Let's go through the list:
- "You HAVE to go to college to get a good job" = debt and enough of a time commitment to prevent you from earning money
- "You SHOULD get married, or else it would be weird after a certain age" = expensive ring, expensive wedding ceremony, possibly an expensive (demanding) partner, and statistically an expensive divorce. Energy levels can vary depending on how awesome your spouse is.
- Having kids, even before being financially ready for it = huge time, money, and energy commitment
I came across this realization when I realized that every single one of the clients I've seen since I've started my internship have been quite intelligent and present. Some are over 70 and are still 'there', as much as they can with their condition. They mostly understood the medications they were taking, and the risk of interactions.
So, with this in mind, I asked myself: "why is it common in self-help to call the masses 'stupid' or 'lazy'?" In my life, I'm finding plenty of people who aren't so.
I'm becoming aware that the typical western lifestyle is one that is wrongly sold. The benefits are exaggerated to the point of ridiculous, and the disadvantages are swept under the rug as "well, that's just the way it is". Unfortunately, there's so much gravitational pull behind it that people settle into it, become comfortable, and don't bother to look at the other options.
However, I still assign responsibility to people who want to get out to find a way. It helps when you're single and younger, and when you've made fewer major decisions that eat up your resources.
4) I have some sort of deep fear of people hidden away somewhere in this brain. It shows up in the fact that I want to go out there and mingle, but I never stick to any sort of habit. It's actually the single worst area in my life. It's affecting me with friends and dating.
Right now, it's at its worst; I don't care to do anything about it. I'm put all my time and energy towards all these other things. But I know that it has to be handled this year.
My theory on why this is so would be from the summers in my youth I've spent isolated because of surgeries that I've undergone, and the recovery time always being during the summer. When I was 6 and 9, I had two different surgeries, and so I couldn't go out and play with others. I couldn't even go outside. So I stayed in and played video games. This was fun, so I didn't notice what sort of impact it's had on me until now.
The ironic thing is that I go to the gym, and I'm completely fine and relaxed.
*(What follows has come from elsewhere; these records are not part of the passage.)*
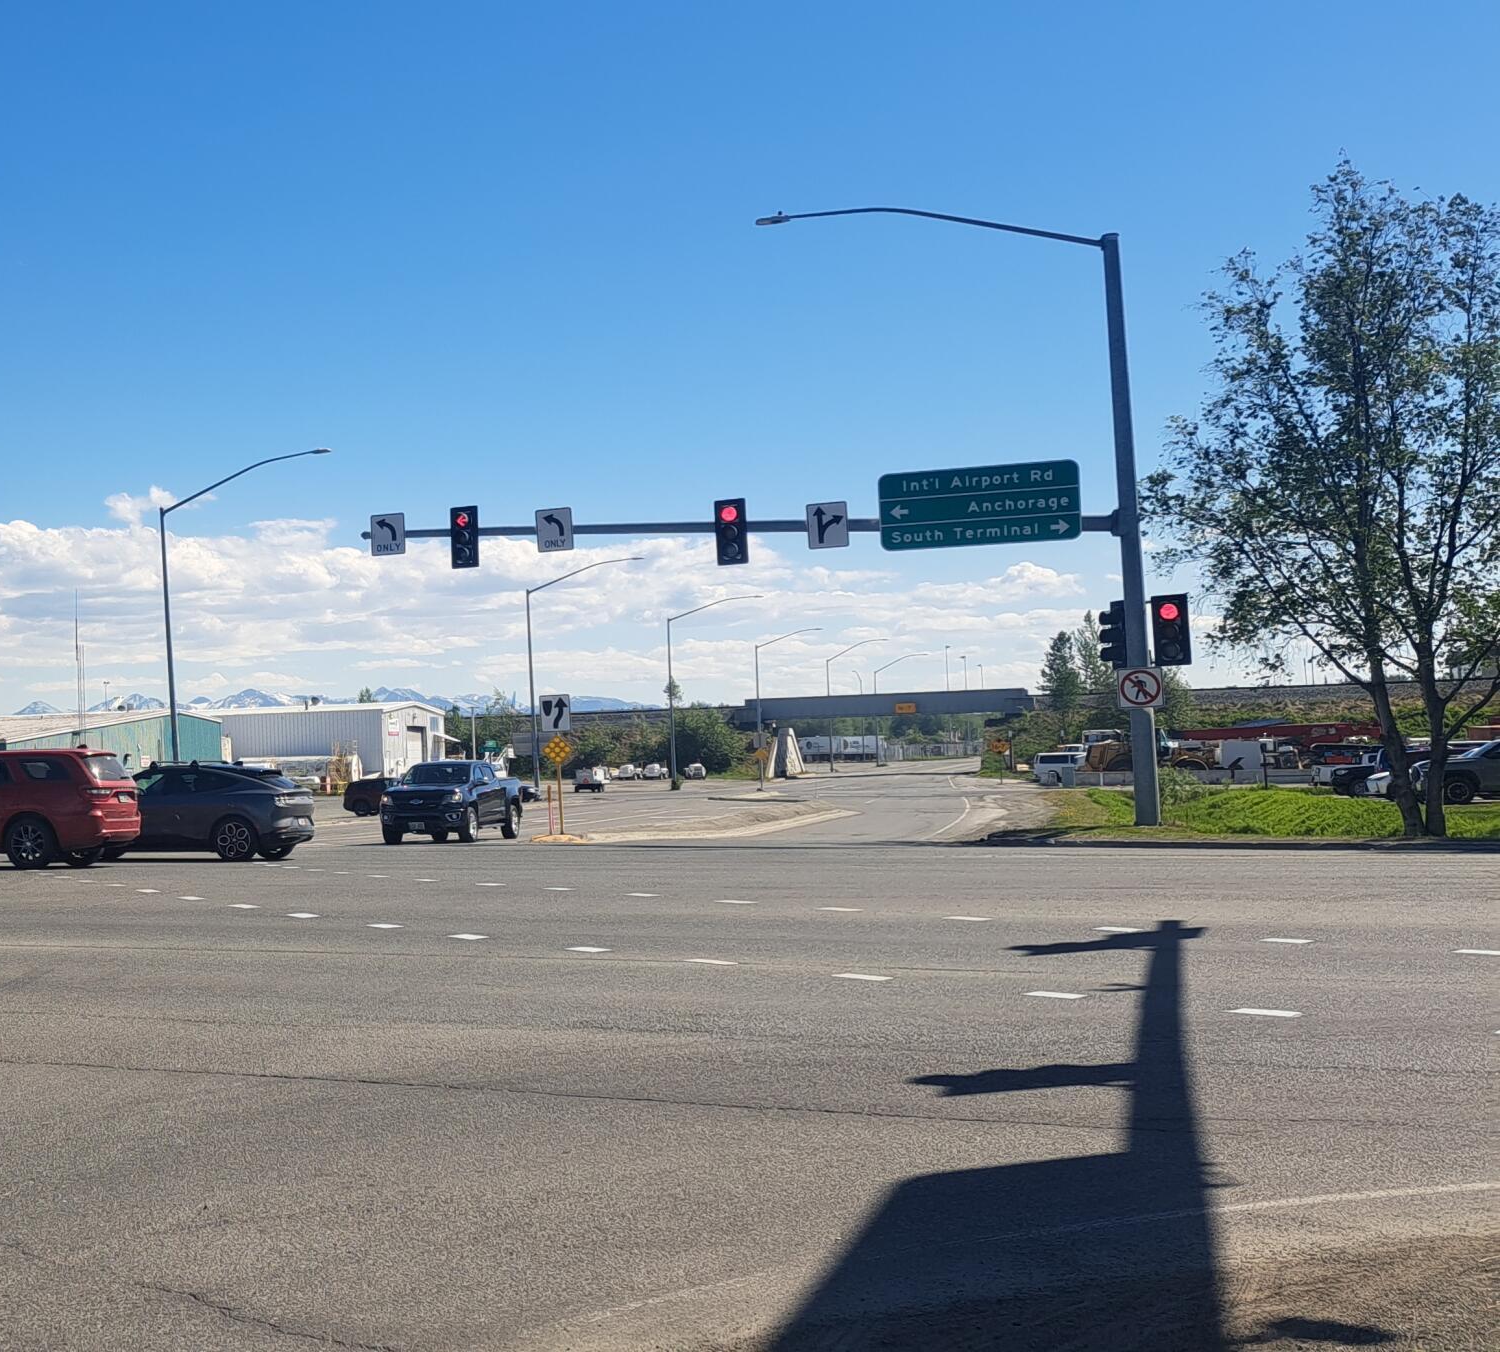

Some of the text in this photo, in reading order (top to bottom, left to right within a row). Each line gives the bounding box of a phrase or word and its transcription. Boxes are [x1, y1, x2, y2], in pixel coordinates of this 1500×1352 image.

[902, 469, 1053, 492] Int'l Airport Rd
[967, 495, 1070, 513] Anchorage
[891, 522, 1039, 544] South Terminal
[376, 542, 401, 552] ONLY
[544, 538, 566, 549] ONLY
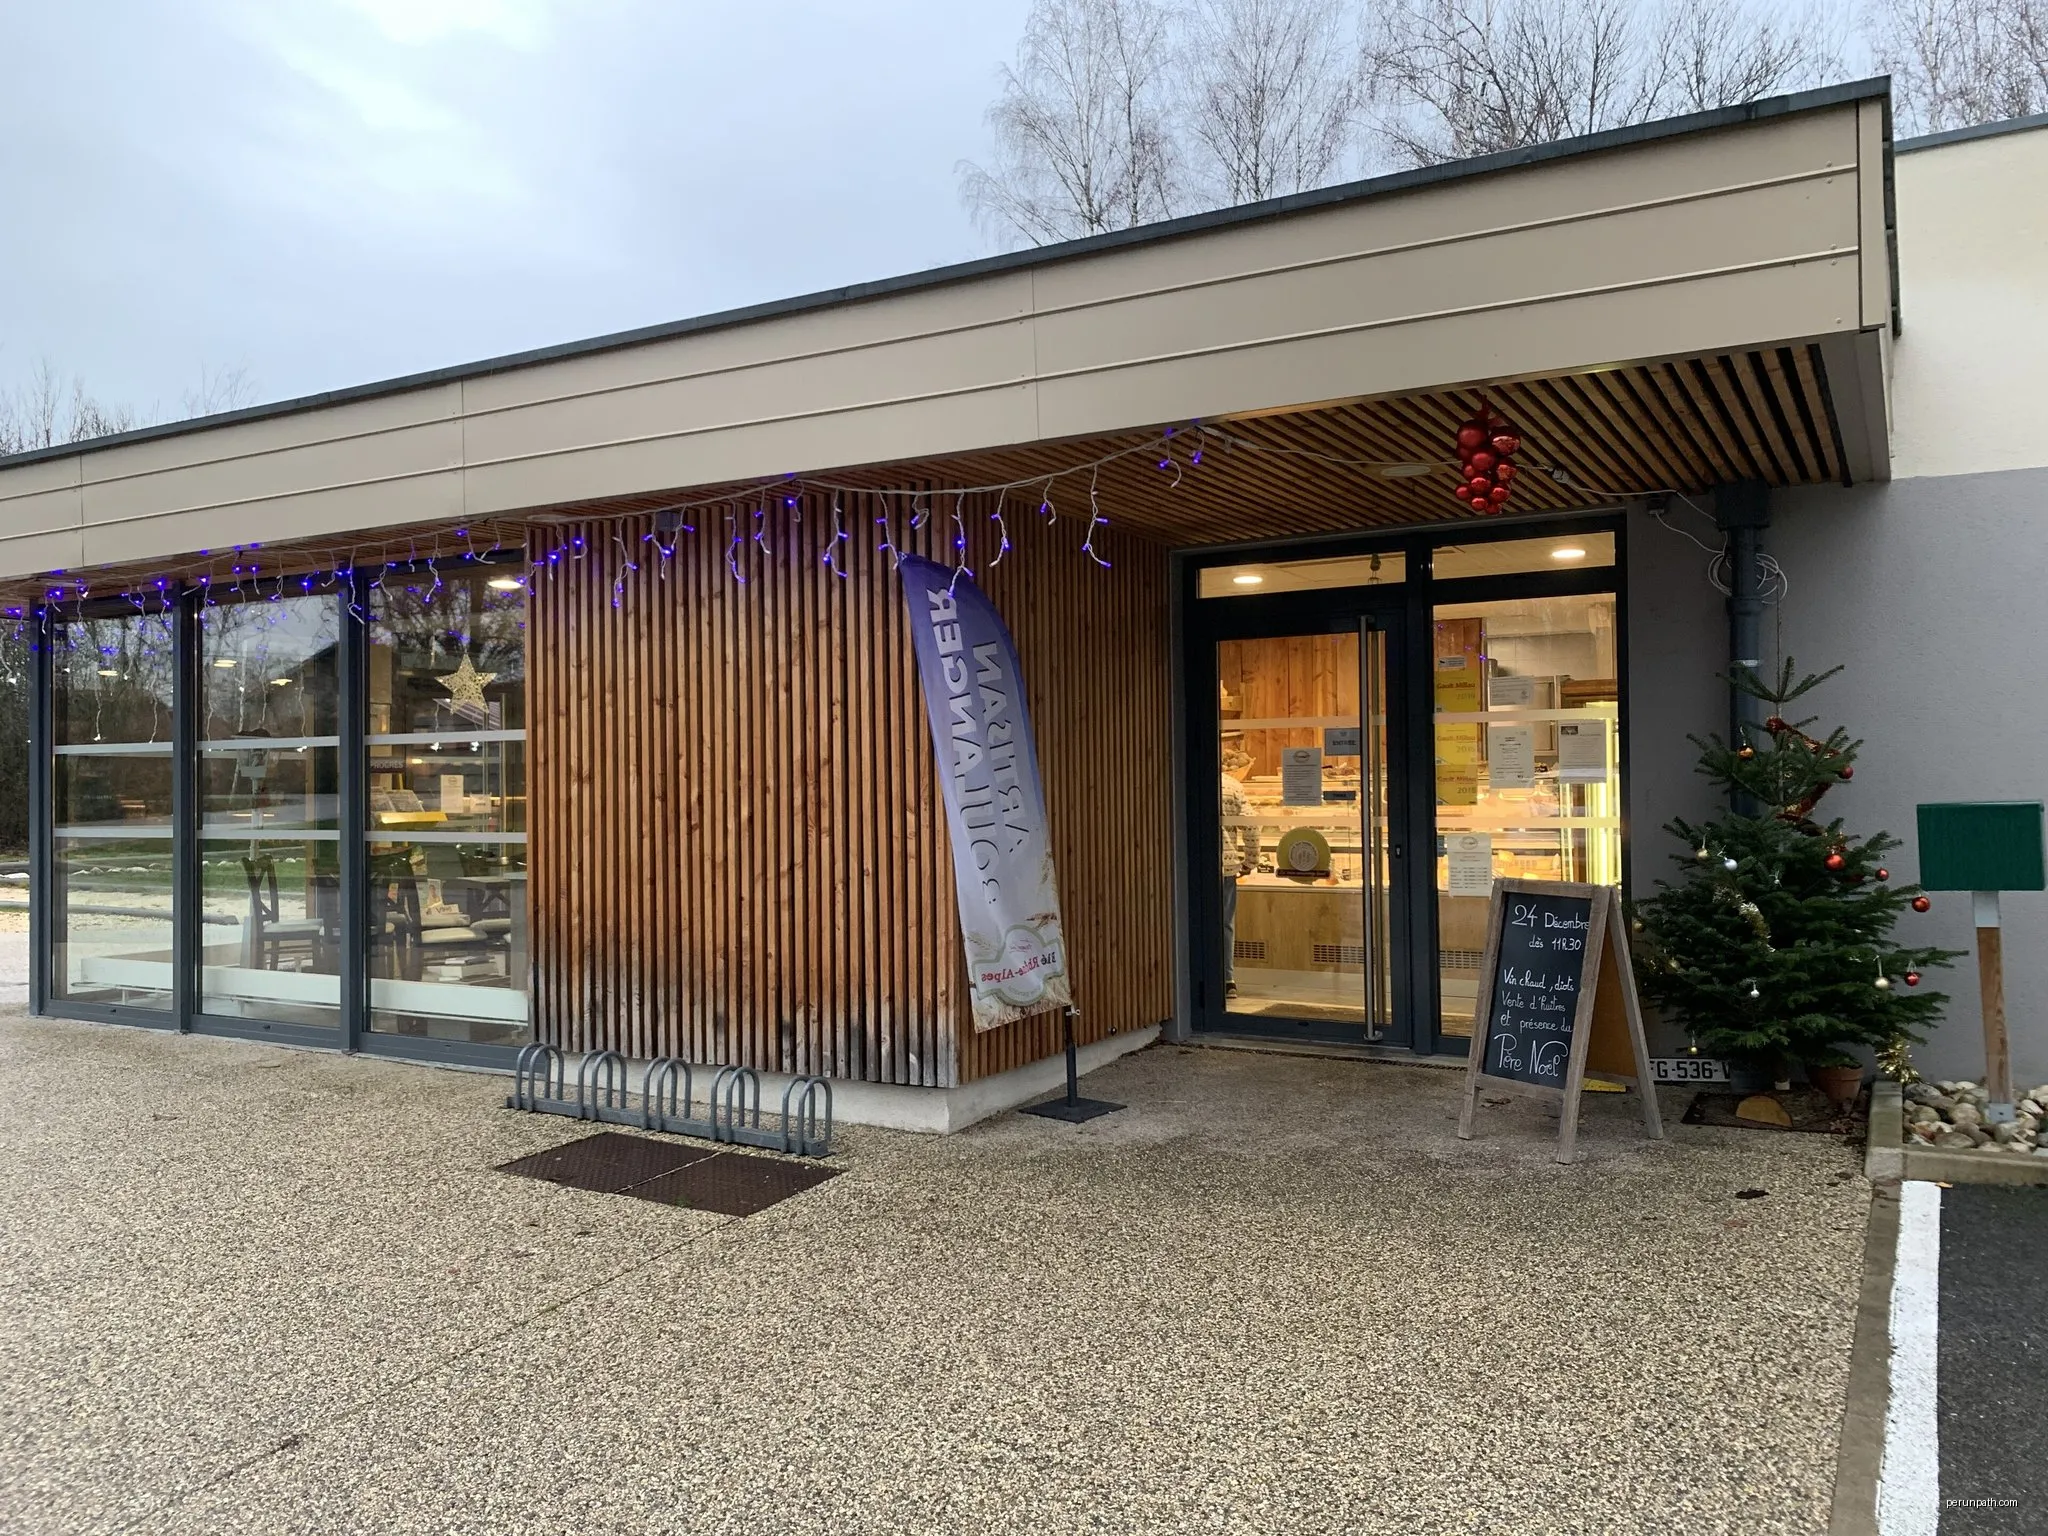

5) I really REALLY don't how to fully relate with attractive women;
My game plan has to change; whenever I do start approaching and chatting with women, I have to become more interested in spending longer periods of time learning about them, taking things much less seriously, and not putting her on the spot to decide (aka approaching too directly).
I will wait until I have some semblance of motivation, as I really don't care to right now. My sex drive has been very low this week. I appreciate the mental clarity that it brings, and I understand that this won't be forever.
I'm glad these issues are being brought up, as it seems that this is how Slipstream technology works; it shows the user what the problems are, then the subliminal finds a way around the problem with minimal resistance.